Genetics and Pathophysiology of Hyperinsulinism in Infancy
Karen E. Cosgrove^a, Ruth M. Shepherd^a, Eva M. Fernandez^a, Anuja Natarajan^b, Keith J. Lindley^c, Albert Aynsley-Green^c, Mark J. Dunne^a

^aSchool of Biological Sciences, Stopford Building, University of Manchester, Manchester,
^bSheffield Children's Hospital, University of Sheffield, Western Bank, Sheffield, and
^cInstitute of Child Health, Great Ormond Street Hospital, London, UK

Address of Corresponding Author

Horm Res 2004;61:270-288 (DOI: 10.1159/000076933)

Key Words

Hyperinsulinism
Hypoglycaemia
ATP-sensitive K⁺ channel
Sulphonylurea receptor
Pancreatic -cell

Abstract

Hyperinsulinism in infancy (HI) is a condition of neonates and early childhood. For many years the pathophysiology of this potentially lethal disorder was unknown. Advances in the genetics, histopathology and molecular physiology of this disease have now provided insights into the causes of beta -cell dysfunction and revealed levels of diversity far in excess of our previous knowledge. These include defects in ion channel subunit genes and mutations in several enzymes associated with beta -cell metabolism and anaplerosis. In most cases, beta -cell pathophysiology leads to an alteration in the function of ATP-sensitive K⁺ channels.
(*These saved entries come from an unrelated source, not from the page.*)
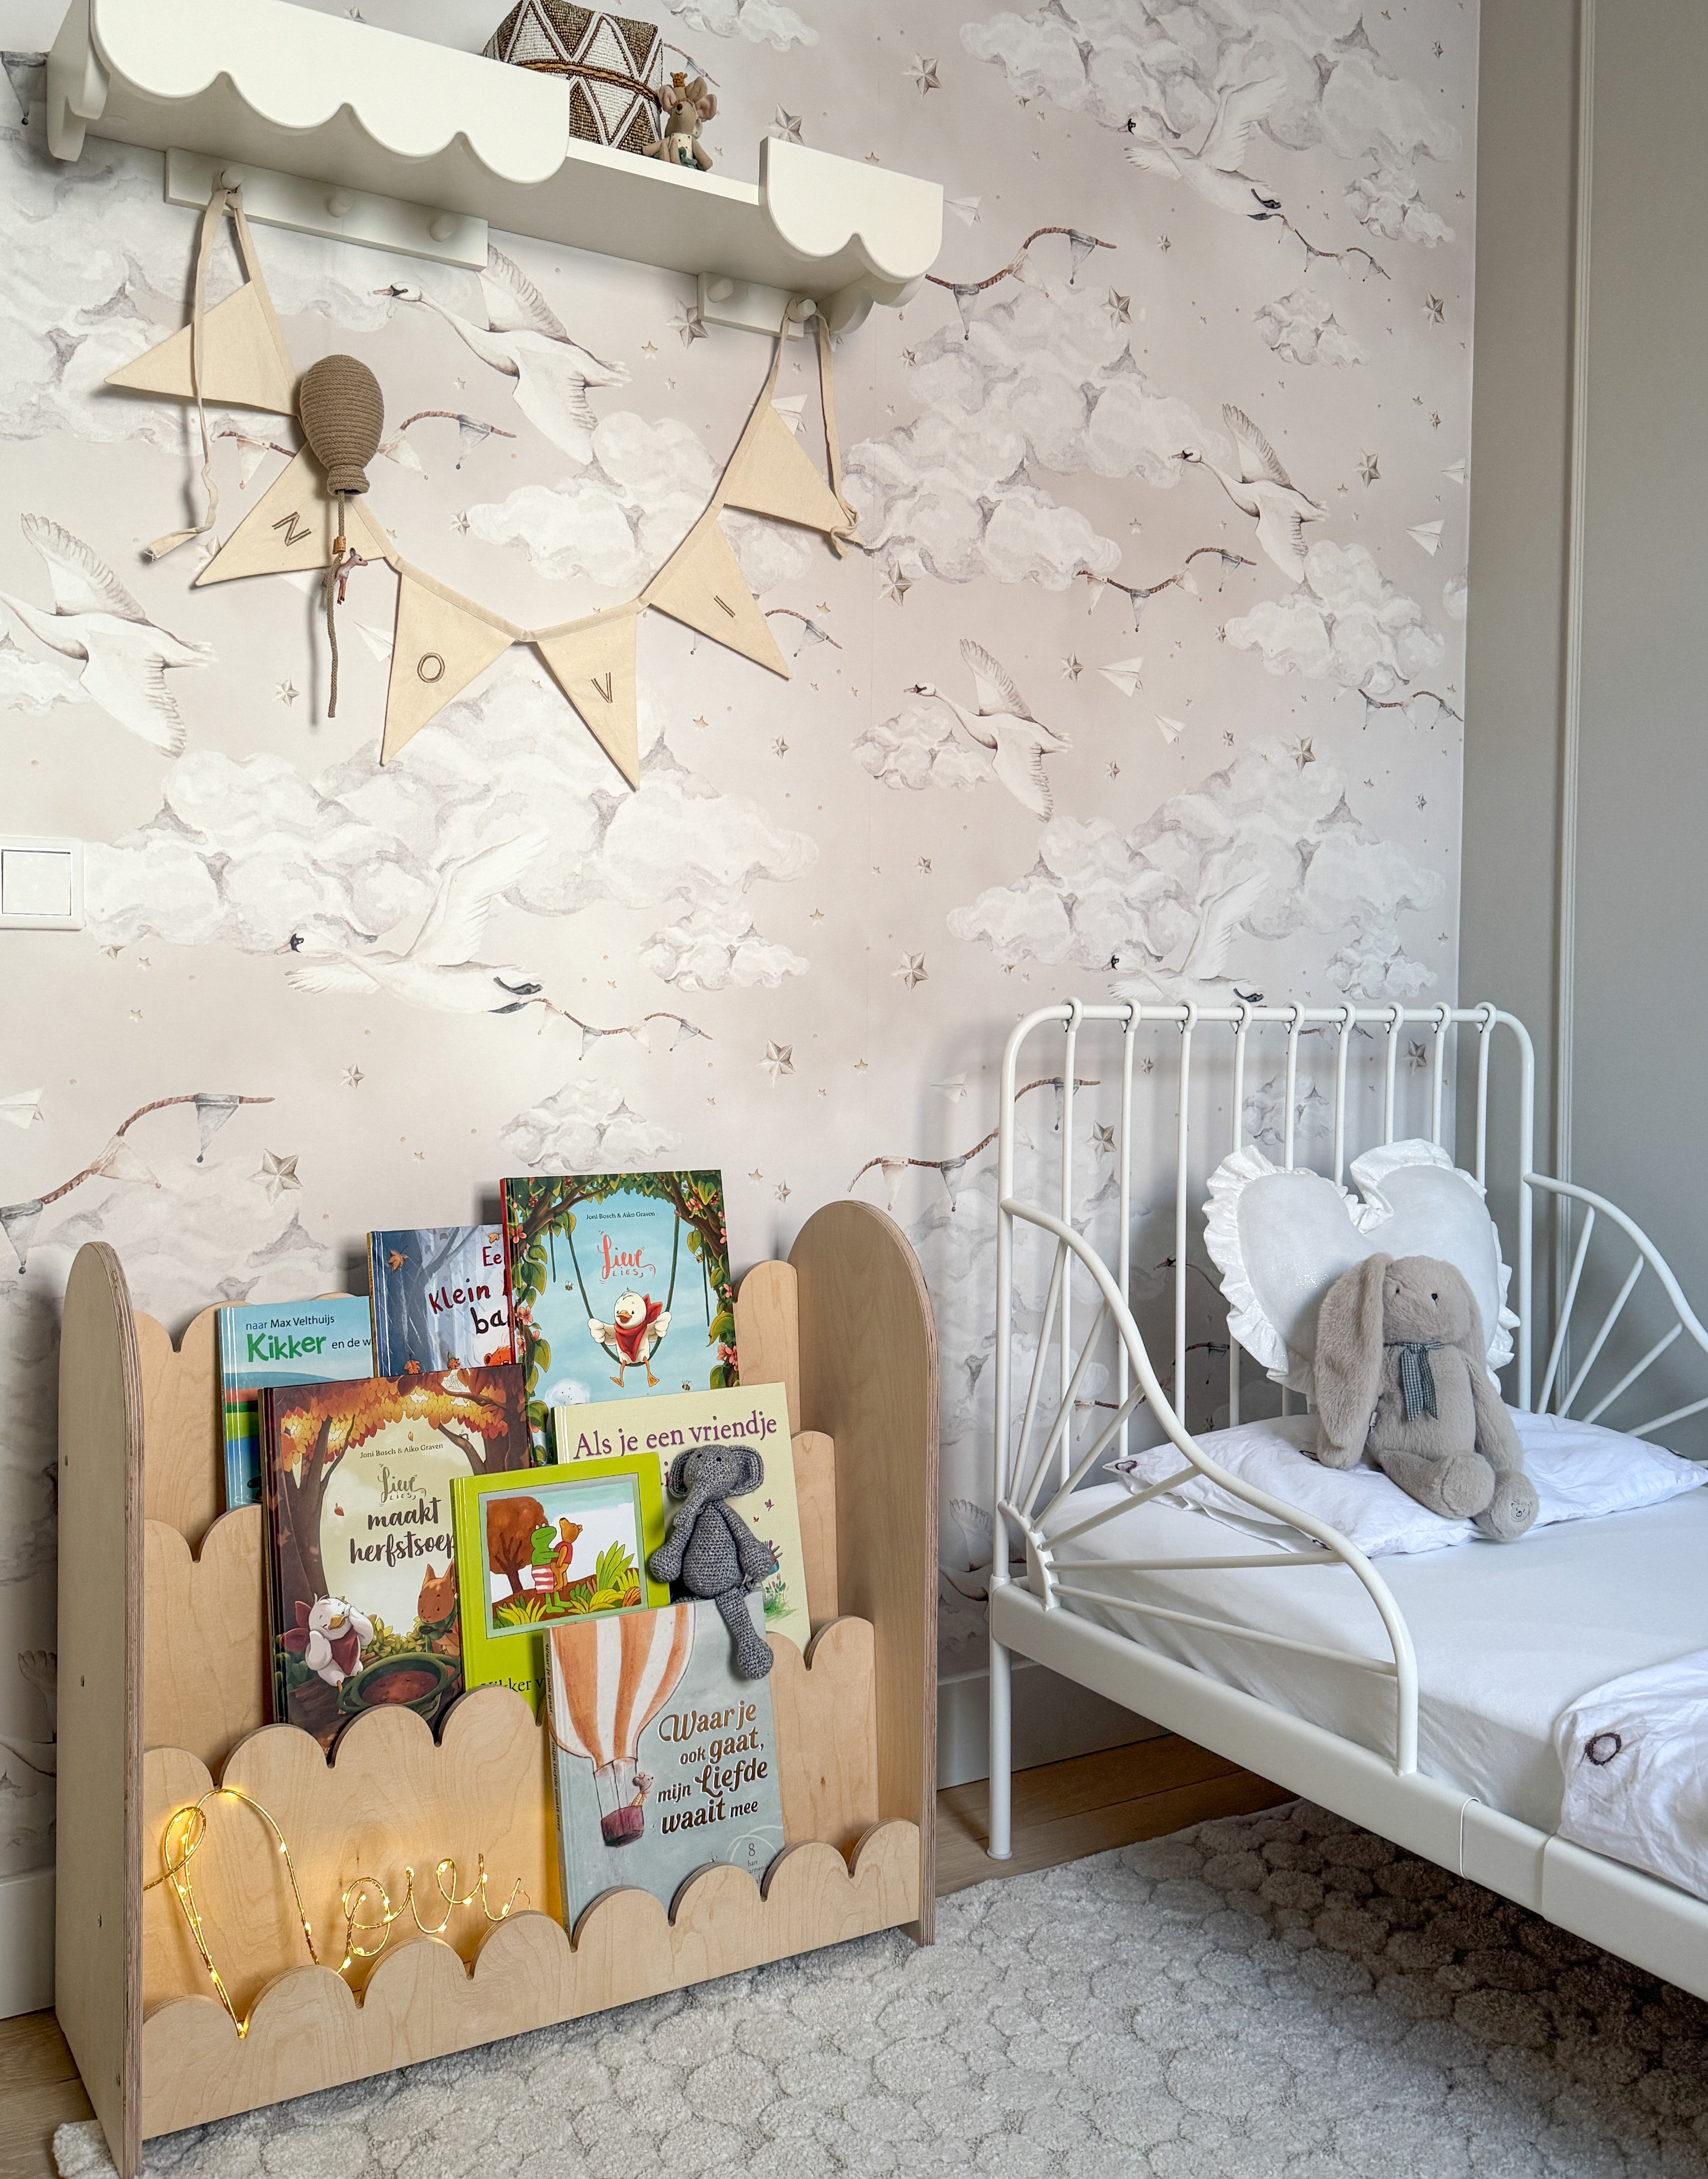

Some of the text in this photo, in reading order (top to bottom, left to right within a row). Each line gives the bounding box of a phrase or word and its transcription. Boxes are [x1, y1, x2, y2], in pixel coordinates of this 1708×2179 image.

[482, 1246, 503, 1267] Ee
[246, 1314, 335, 1330] naar Max Velthuijs
[470, 1307, 510, 1335] ba
[247, 1332, 327, 1362] Kikker
[332, 1341, 345, 1349] en
[347, 1338, 360, 1348] de
[573, 1410, 777, 1459] Als je een vriendje
[376, 1448, 396, 1457] Bosch
[368, 1497, 442, 1530] maakt
[658, 1700, 757, 1743] Waar je
[680, 1726, 764, 1765] ook gaat,
[657, 1757, 768, 1803] mijn Liefde
[661, 1797, 759, 1835] waait mee
[749, 1843, 756, 1857] 8
This can manifest as 'channelopathies' of K_ATP channels through gene defects in ABCC8 and KCNJ11 (Ch.11p15); or as a result of 'metabolopathies' through defects in the genes encoding glucokinase (GCK, Ch.7p15-p13), glutamate dehydrogenase (GLUD1, Ch.10q23.3) and short-chain L-3-hydroxyacyl-CoA dehydrogenase (HADHSC, Ch.4q22-q26). This review focuses upon the relationship between the causes of HI and therapeutic options.

Author Contacts

Prof. M.J. Dunne
Division of Physiology, Pharmacology and Toxicology, G38
Stopford Building, School of Biological Sciences, The University of Manchester
Oxford Road, Manchester M13 9PT (UK)
Tel. +44 161 275 3921, Fax +44 161 275 5600, E-Mail mark.j.dunne@man.ac.uk

Article Information

Accepted: January 15, 2003
Published online: February 20, 2004
Number of Print Pages : 19
Number of Figures : 5, Number of Tables : 1, Number of References : 169

Medline Abstract (ID 14981344)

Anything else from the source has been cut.